Hi xcoldricex, thanks a lot for your thoughts. To be honest, I don't even know if 'Inch' was put out for more than one season. That was the first and only time I had seen it. Completely agree with you that one would have to know the mindset back then. I know that the shirts had a small CCP embroidered on the bottom, and those tshirts with CCP in full on the fronts, and backwards on the back. I baught a couple of those, I liked the idea of 'branding' effects literally like branding the letters from the back. Quite honestly I like them though am not usually tolorent to brands showing, I thought they were so obviously wrong that they were 'fun' to wear. I guess I saw the fun side of them sort of like mocking the idea of brands. They are still disgusting to wear :smile:
 
i think it is lost on anyone except for the very few that knows who ccp is- so it just becomes another graphic t-shirt. there was a hideous t-shirt posted earlier that was on ebay not too long ago that had CCP on the front in large letters and "arol hristian oell" under each of the respective letters.

If you still have those shirts and have a digital camera, could you share what you have with us? I have a button up from '98 that is quite different in construction and style than his latest stuff- so I'd be interested in seeing some more of his pieces from older collections.
 
I'm trying to get a sleeveless turtleneck on eBay right now. Nobody bid against me!!!!! :wink:
 
the girl in that pic looks very good in the CCP runner - she is very feminine & has very feminine hair which I think help wit hthe 'look' - when I tried on one of those coats it was just far too masculine a look for me to carry (I have jaw length blonde hair and fairly sharp features).
 
Really nice photo! She does look really good, but I agree not everyone could carry it off.
 
I can't see the photo...I just get script. Must be a PC thing,non?
 
^ scott, *.swf is macromedia flash file format. you'll need to get macromedia flash player/plug-in installed on your computer, which you could download it for free...
 
I don't think I much care for that look on that woman. I'd rather wear it myself. :P
 
battles said:
^ scott, *.swf is macromedia flash file format. you'll need to get macromedia flash player/plug-in installed on your computer, which you could download it for free...

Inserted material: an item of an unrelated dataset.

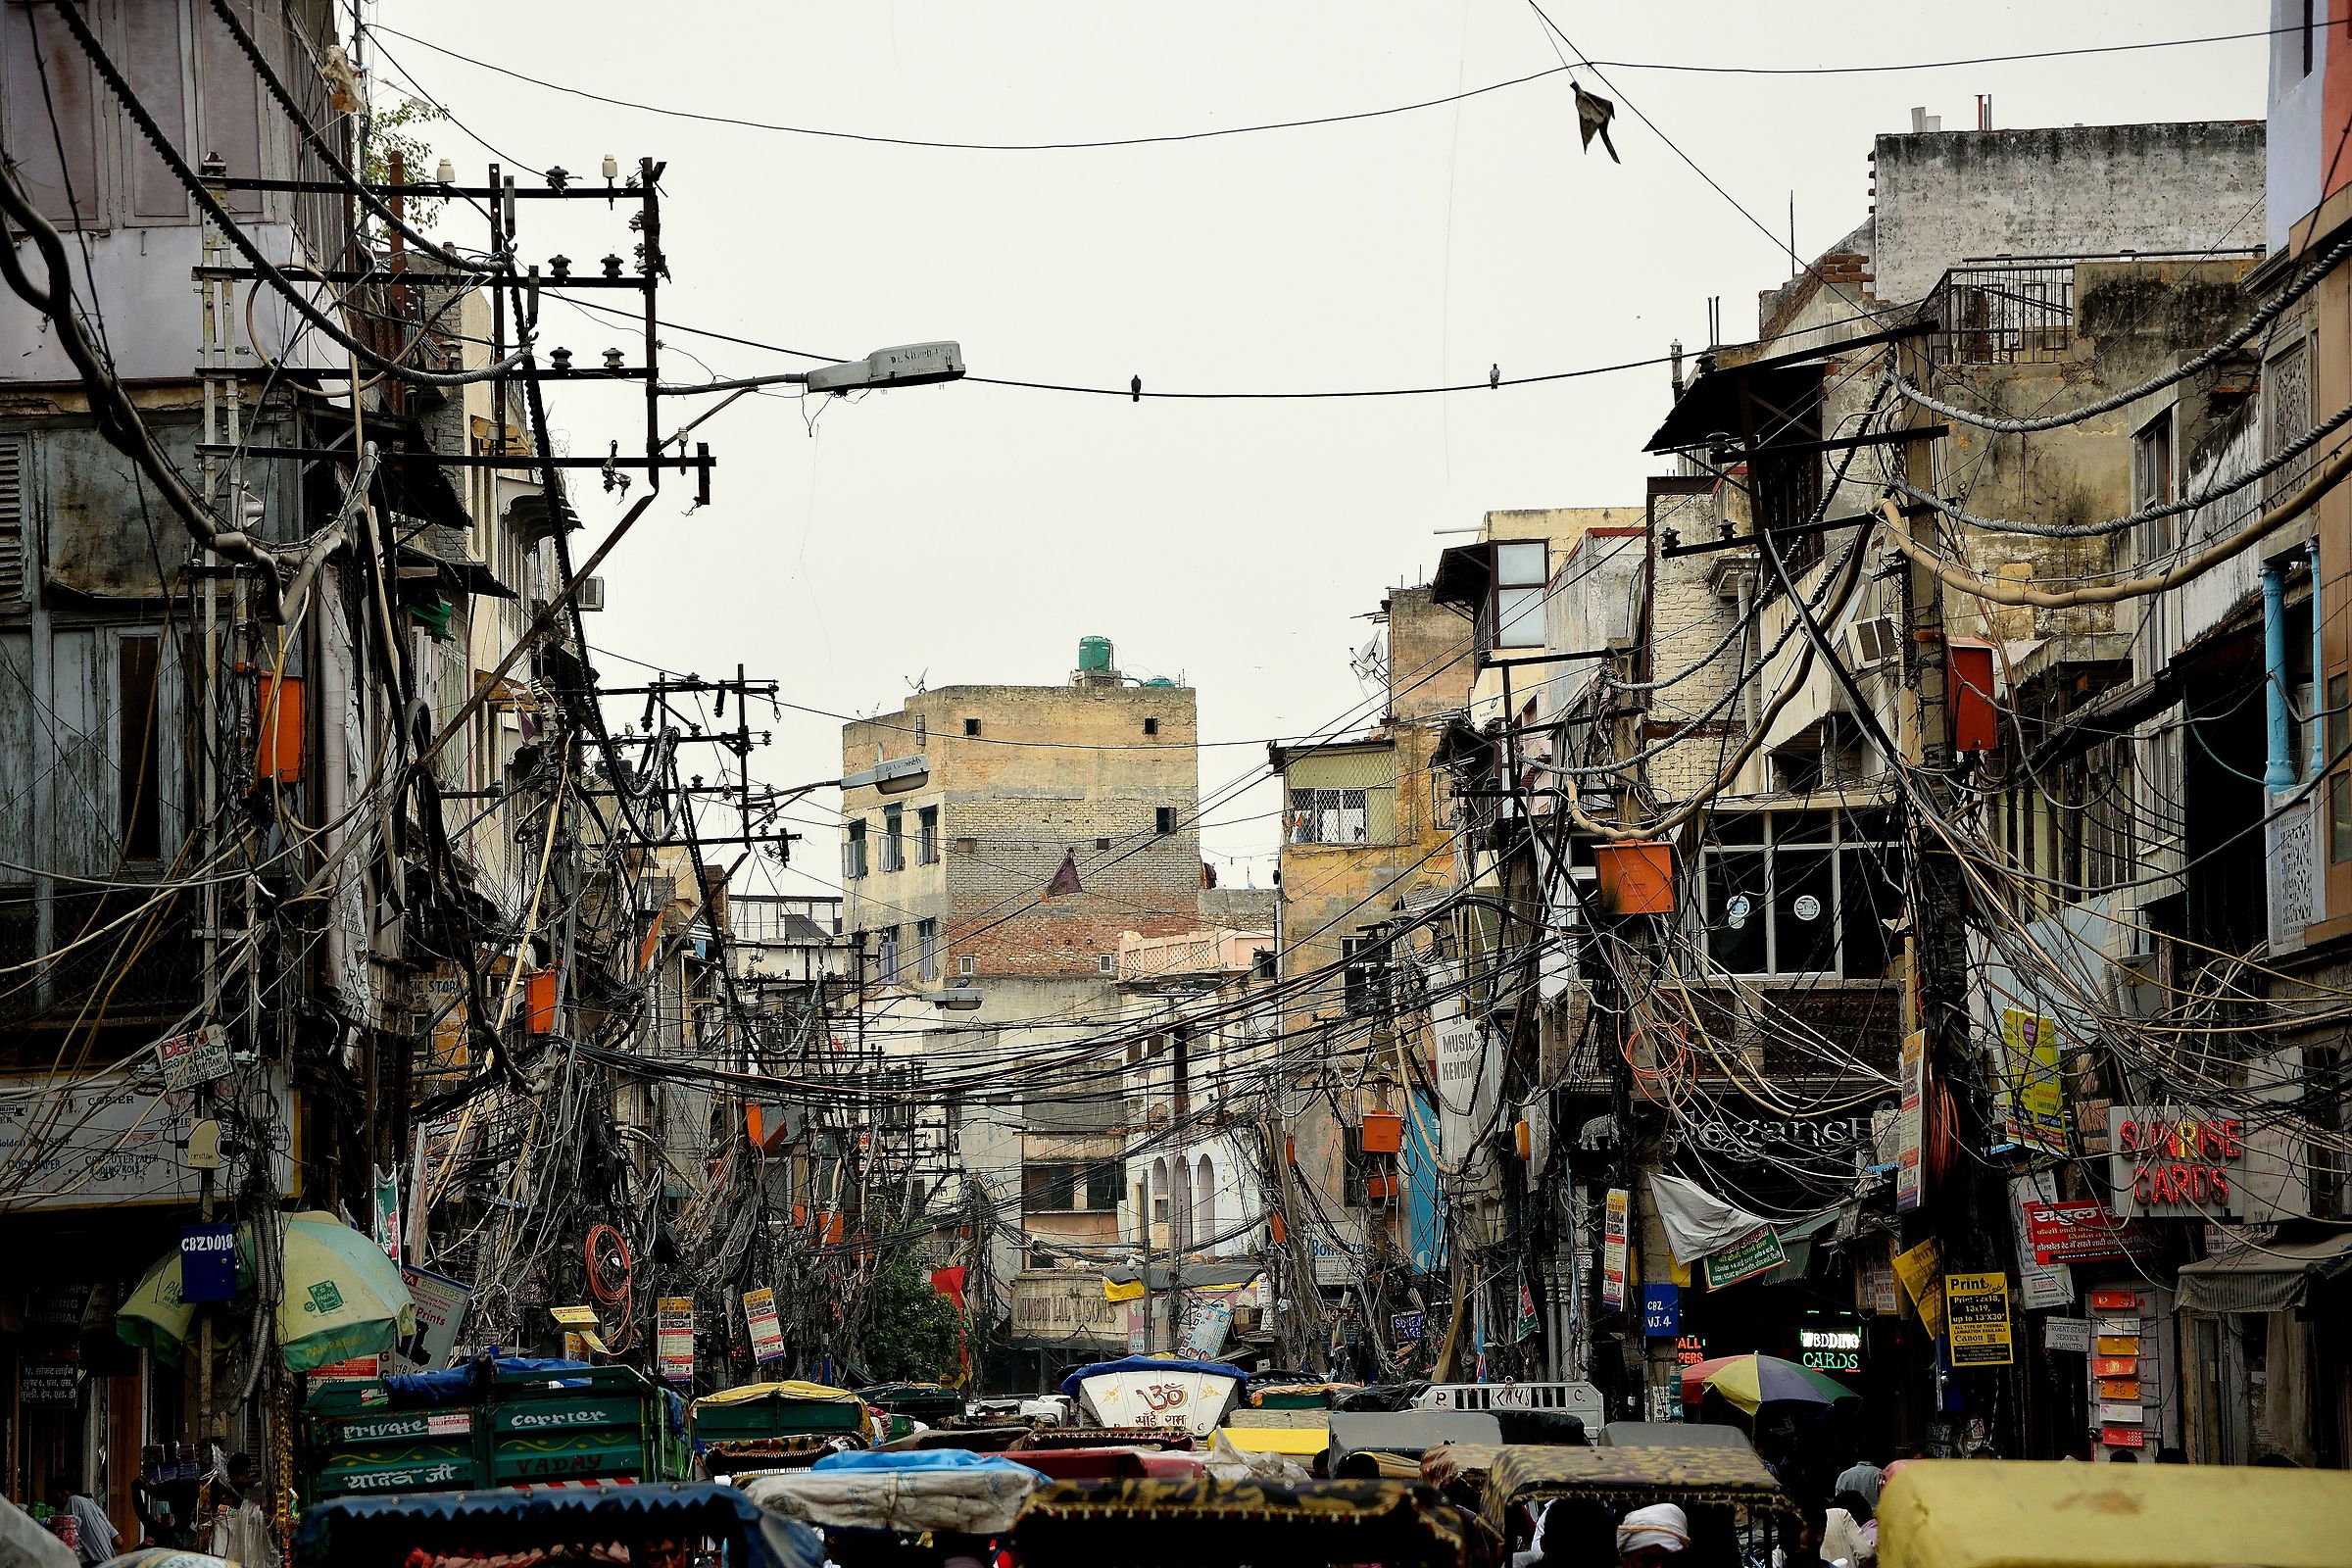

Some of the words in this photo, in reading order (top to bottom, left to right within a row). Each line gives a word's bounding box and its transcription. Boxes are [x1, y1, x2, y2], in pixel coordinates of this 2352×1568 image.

Well,actually I do have it on here which is what's odd...because every other site runs well. Maybe it's an updated version?
 
scott, maybe. if you're able to browse lift website, the link could be found under What's New > Explore the style. here's the picture of it, just in case you're still facing the problem.

ccpliftad8lb.jpg
 
Hello xcoldricex, I will try to get hold of a digital camera and post some pictures. I still have all/most of the CCP clothes I baught from 96-98/99. These include shirts, t-shirts, pants, a suit, etc. I haven't had the chance to see any of the new stuff, so cannot make a comparison, but from the photos I agree that there is a difference in style and construction. I think the style was much sharper and more structured.
 
Scott said:
I can't see the photo...I just get script. Must be a PC thing,non?


Scott, you could save the *.swf file and the open it (drag it into) in Internet Explorer. It should play then:-)
 
I went to A boutique this week. They have ordered such a tiny portion of the CCP. They only had one blazer, 2 pants, and 2 shirts... and 1 style of boots and rogue.

They have so little compare to L'ecleure. L'ecleure definitely has a much better collection and stronger clientel too.

A is still trying to sell their claimed 'hot as cake' hockeye boots. :innocent:
 
I didn't even think about checking the lift site itself,actually. Thank you though for posting the image,anyway :flower:

I love that jacket :heart:

Btw,coldrice,I saw the listing of your jacket on ebay....if only I had a thousand to spare....arrgh!
 
From the JCReport: (http://www.jcreport.com/mailer/issue66/index.html)

Clever Carol
Milan
Iconoclastic Austrian designer Carol Christian Poell is at it again. Well, almost. This designer's designer has minded the requests of his retail supporters, a rarified group that includes L'Eclaireur in Paris and Maxfield in Los Angeles, and has reintroduced a womenswear collection that is not exactly a collection per se, but rather an edit of his highly-coveted menswear, reconfigured for a growing coterie of women.

This approach to gender modification is not dissimilar to the offerings of Dior Homme's Hedi Slimane or Chanel's Karl Lagerfeld, designers who have the financial structure to create more media attention. Poell's womenswear is marked by the same tenet that elevates his menswear: a chilled, sensual precision.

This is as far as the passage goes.